組織構造における力場

ファイル

デフォルトで利用できる多くの力場が存在します。力場は、$GMXLIB/share/gromacs/top サブディレクトリ内の <name>.ff ディレクトリの存在、または現在のディレクトリの存在によって検出されます。力場ファイルの場所に関する情報は、pdb2gmx によって出力されるため、どのバージョンの力場が呼び出されているかを簡単に把握できます。Gromacs に含まれる力場は以下のとおりです。

  • AMBER03タンパク質、AMBER94(Duan et al., J. Comp. Chem. 24, 1999-2012, 2003)

  • AMBER94 力場 (Cornell et al., JACS 117, 5179-5197, 1995)

  • AMBER96タンパク質、核酸 AMBER94 (Kollman et al., Acc. Chem. Res. 29, 461-469, 1996)

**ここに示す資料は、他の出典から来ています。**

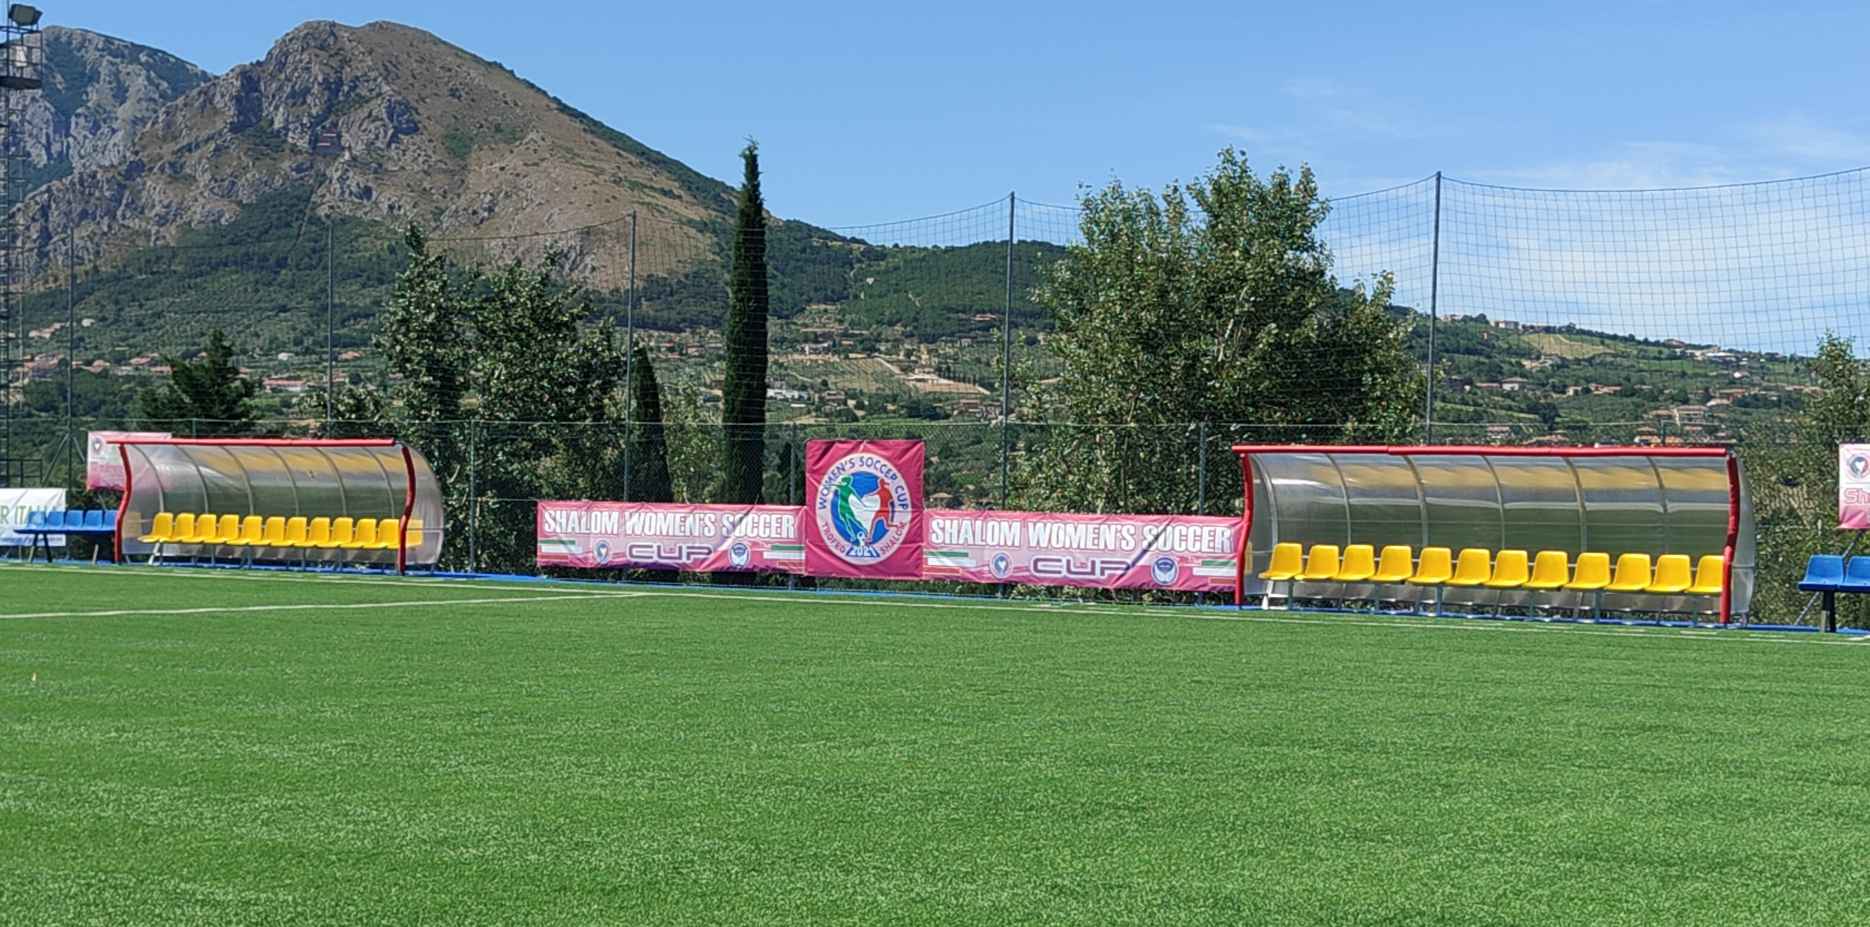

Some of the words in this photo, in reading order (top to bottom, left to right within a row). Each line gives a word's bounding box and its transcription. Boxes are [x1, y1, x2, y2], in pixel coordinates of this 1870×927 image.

[818, 457, 856, 510] WOMEN'S
[858, 456, 898, 482] SOCCER
[895, 484, 909, 510] CUP
[543, 510, 619, 535] SHALOM
[624, 511, 717, 537] WOMEN'S
[722, 512, 796, 538] SOCCER
[931, 519, 1021, 546] SHALOM
[1027, 520, 1135, 550] WOMEN'S
[1142, 523, 1233, 552] SOCCER
[628, 544, 713, 561] CUP
[848, 546, 878, 557] 2021
[1033, 558, 1131, 577] CUP
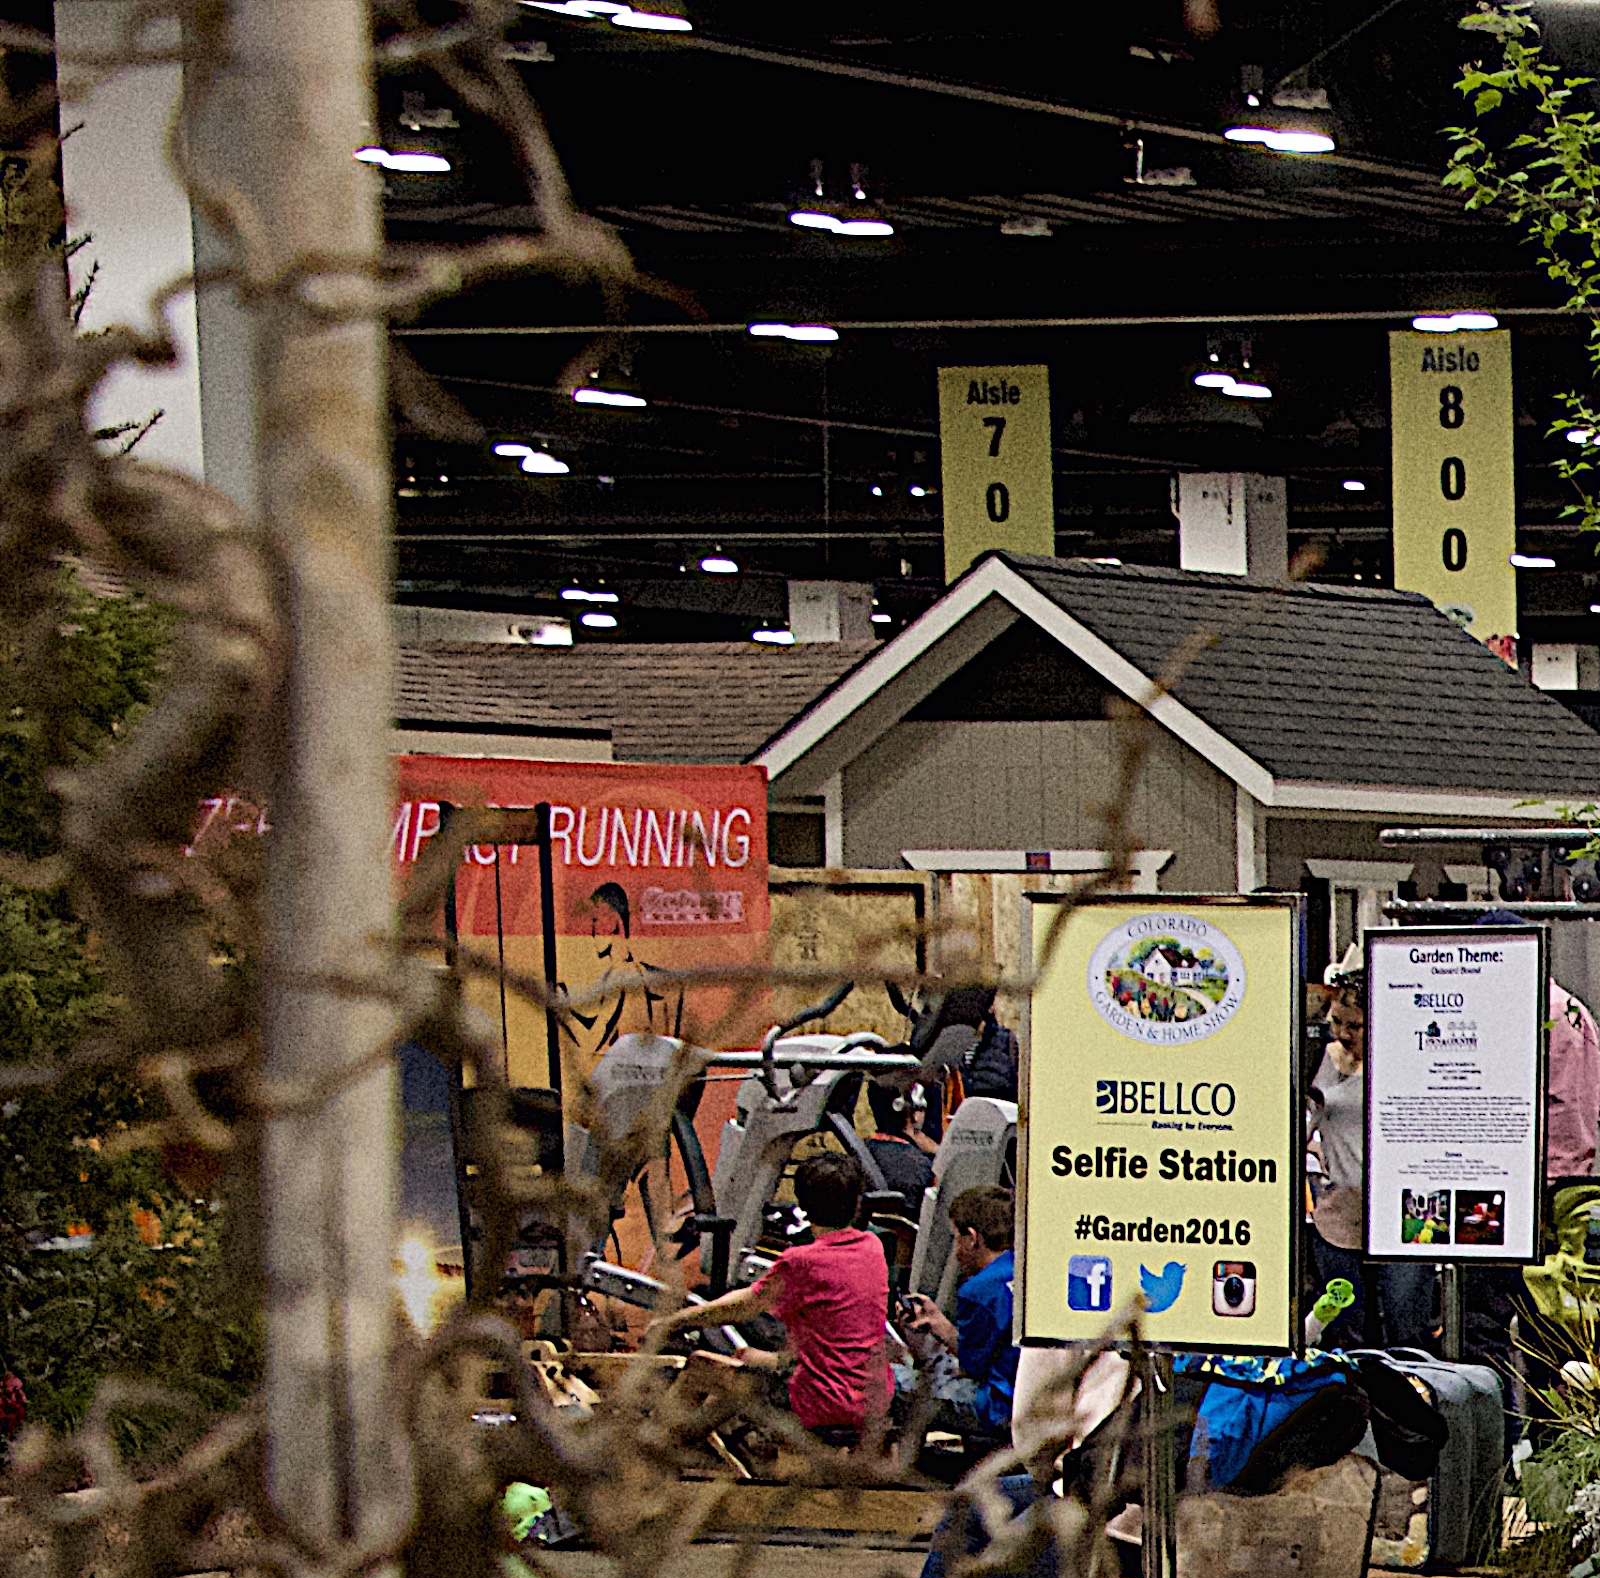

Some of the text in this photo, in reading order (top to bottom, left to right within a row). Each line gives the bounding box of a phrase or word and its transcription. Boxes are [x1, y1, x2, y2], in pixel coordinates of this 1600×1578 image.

[1421, 347, 1480, 373] Aisle
[967, 379, 1021, 405] Aisle
[550, 805, 752, 869] RUNNING
[1128, 917, 1208, 938] COLORADO
[1409, 947, 1503, 964] Garden Theme:
[1420, 993, 1464, 1008] BELLCO
[1095, 991, 1240, 1042] GARDEN & HOME SHOW
[1120, 1080, 1236, 1117] BELLCO
[1051, 1145, 1277, 1183] Selfie Station
[1074, 1214, 1251, 1246] #Garden2016

  • AMBER99タンパク質、AMBER94(王ら、J. Comp. Chem. 21, 1049-1074, 2000)

  • AMBER99SBタンパク質、AMBER94(Hornak et al., Proteins 65, 712-725, 2006)の核酸

  • AMBER99SB-ILDNタンパク質、核酸 AMBER94 (Lindorff-Larsen et al., Proteins 78, 1950-58, 2010)

  • AMBER14SBタンパク質(Maier, J. A. et al., J. Chem. Theory Comput. 11, 3696–3713, 2015)

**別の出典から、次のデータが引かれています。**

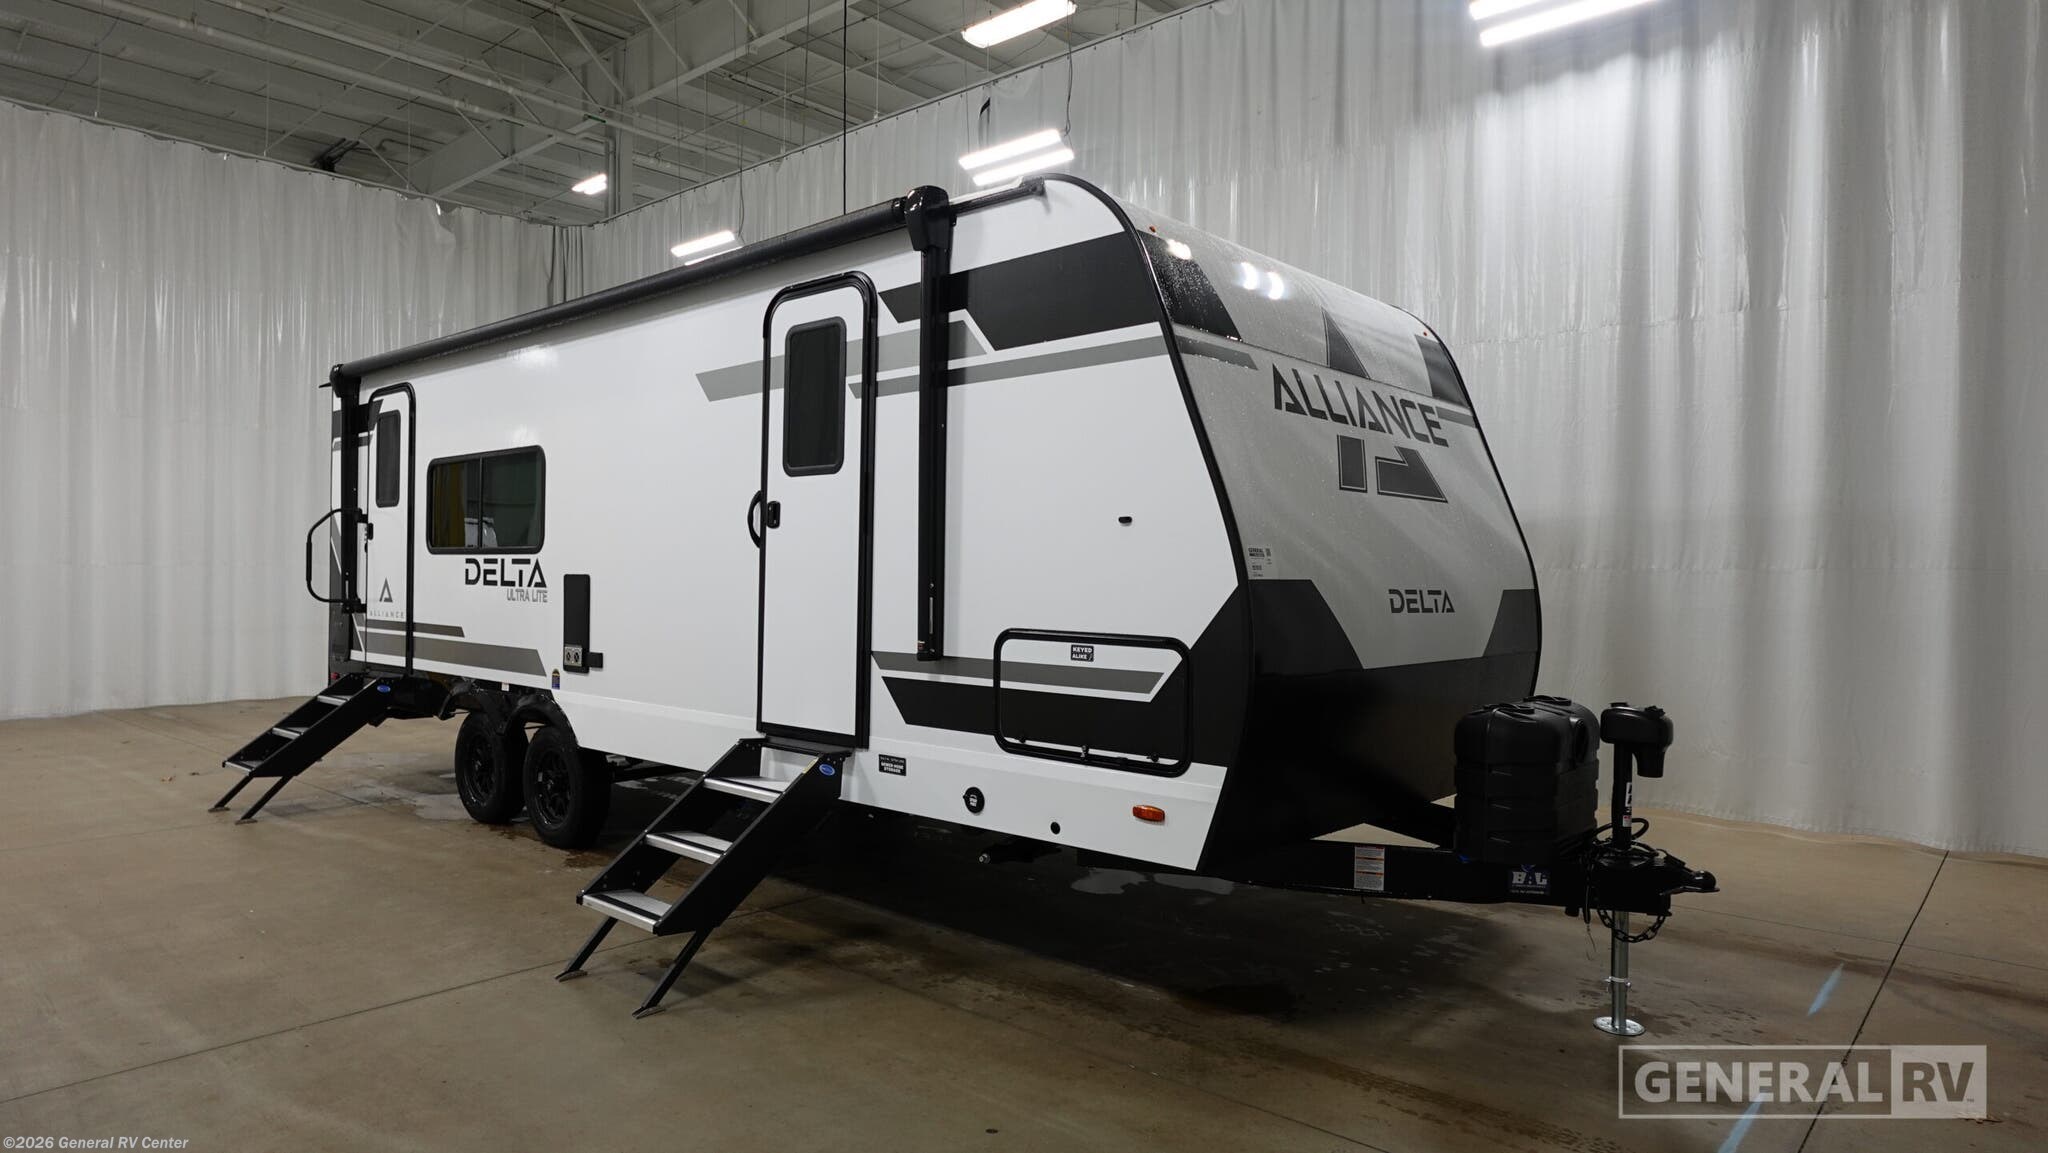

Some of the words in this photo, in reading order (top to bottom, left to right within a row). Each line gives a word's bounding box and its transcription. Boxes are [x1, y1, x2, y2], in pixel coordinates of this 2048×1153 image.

  • AMBER19SBタンパク質 (Tian, C. et al., J. Chem. Theory Comput. 16, 528–552, 2020)

  • AMBERGS 力場 (Garcia & Sanbonmatsu, PNAS 99, 2782-2787, 2002)

  • CHARMM27 全原子力場 (CHARM22 に CMAP を追加)

  • GROMOS96 43a1 相互作用モデル

  • GROMOS96 43a2 力場 (改良されたアルカン二軸)

  • GROMOS96 45a3 力場 (シュラー 2001 22 1205)

  • GROMOS96 53a5 力場 (JCC 2004 第25巻 1656ページ)

  • GROMOS96 53a6 力場 (JCC 2004 第25巻 1656ページ)

  • GROMOS96 54a7 力場 (Eur. Biophys. J. (2011), 40, 843-856, DOI: 10.1007/s00249-011-0700-9)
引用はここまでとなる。